The routine is intense. Three days of field training, two days in the gym, and matches every weekend. It mirrors the schedule of a professional league, but this is Rugby Unión Libertad — a sports club officially registered in mid-January with a mission that goes far beyond the pitch: preparing inmates for social reintegration after they serve their sentences.
"Rugby freed me; it healed my soul," Alex Javier Silva, 48, who has been incarcerated since 1999, told The Associated Press. ''Here you have no heart, no mind — you're not at peace with anything. You're like an animal."
Rugby Unión Libertad began to take shape in 2016 as part of a workshop inside the prison walls. Led by the Addiction Treatment Center, the classes initially sparked the interest of around 50 inmates, who began to play with the ''pill'' — rugby's oval ball — as a way to ease the weight of their time inside.
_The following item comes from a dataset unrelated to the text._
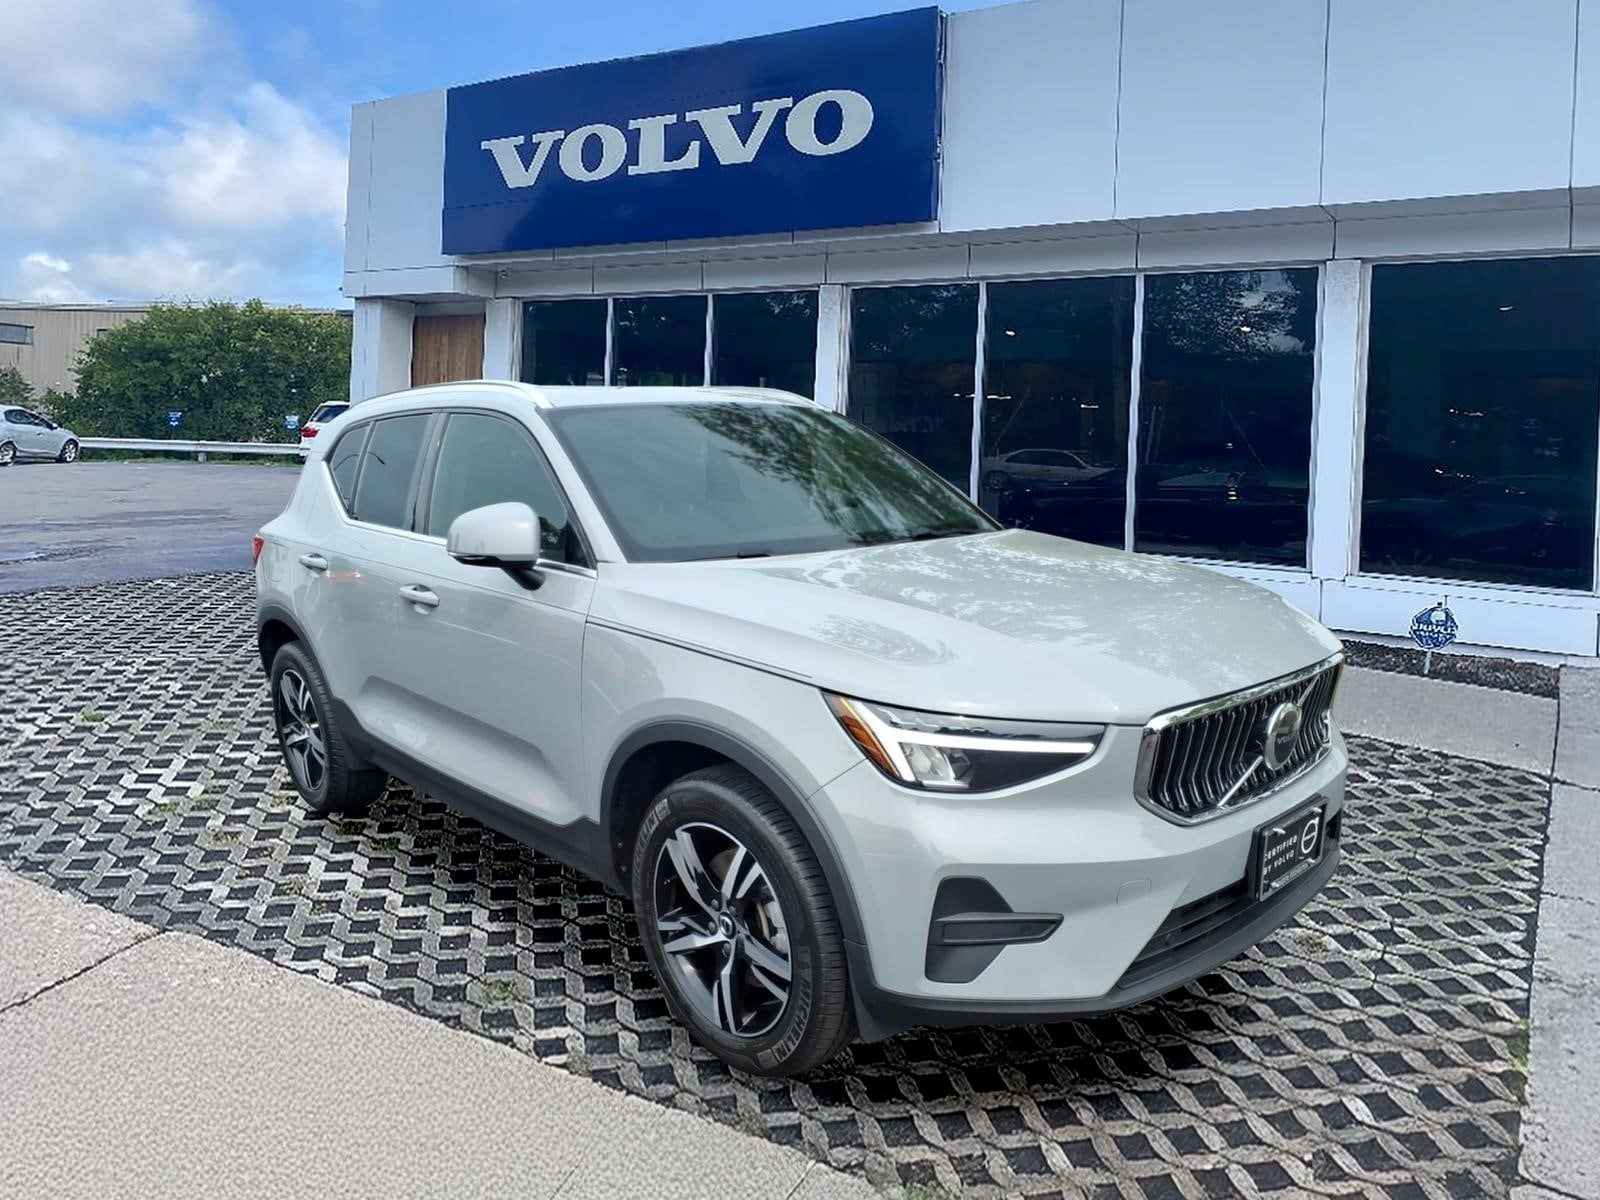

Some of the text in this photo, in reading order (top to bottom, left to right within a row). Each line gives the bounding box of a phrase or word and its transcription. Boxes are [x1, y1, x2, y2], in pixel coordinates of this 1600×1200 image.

[481, 88, 875, 189] VOLVO
[1274, 850, 1295, 868] VOLVO
[772, 976, 812, 1063] MICHELIN
Over the years, the workshop evolved into Rugby Unión Libertad, a club that gained enough momentum to face the Chilean national team, Los Cóndores, in 2024.
Off the field, the team became the cornerstone of the Fundación Libertad, or Freedom Foundation. The nonprofit was established in November by a collective of former inmates, educators, psychologists and coaches, and it supports released prisoners through a mix of rugby, training, counseling and therapy.
Rugby as anger management
Three times a week, two coaches enter Valparaíso prison — about 120 kilometers (75 miles) from the capital Santiago — to lead training sessions for Unión Libertad. For two hours, the team's 27 players practice the strategies, passes and kicks that characterize the sport.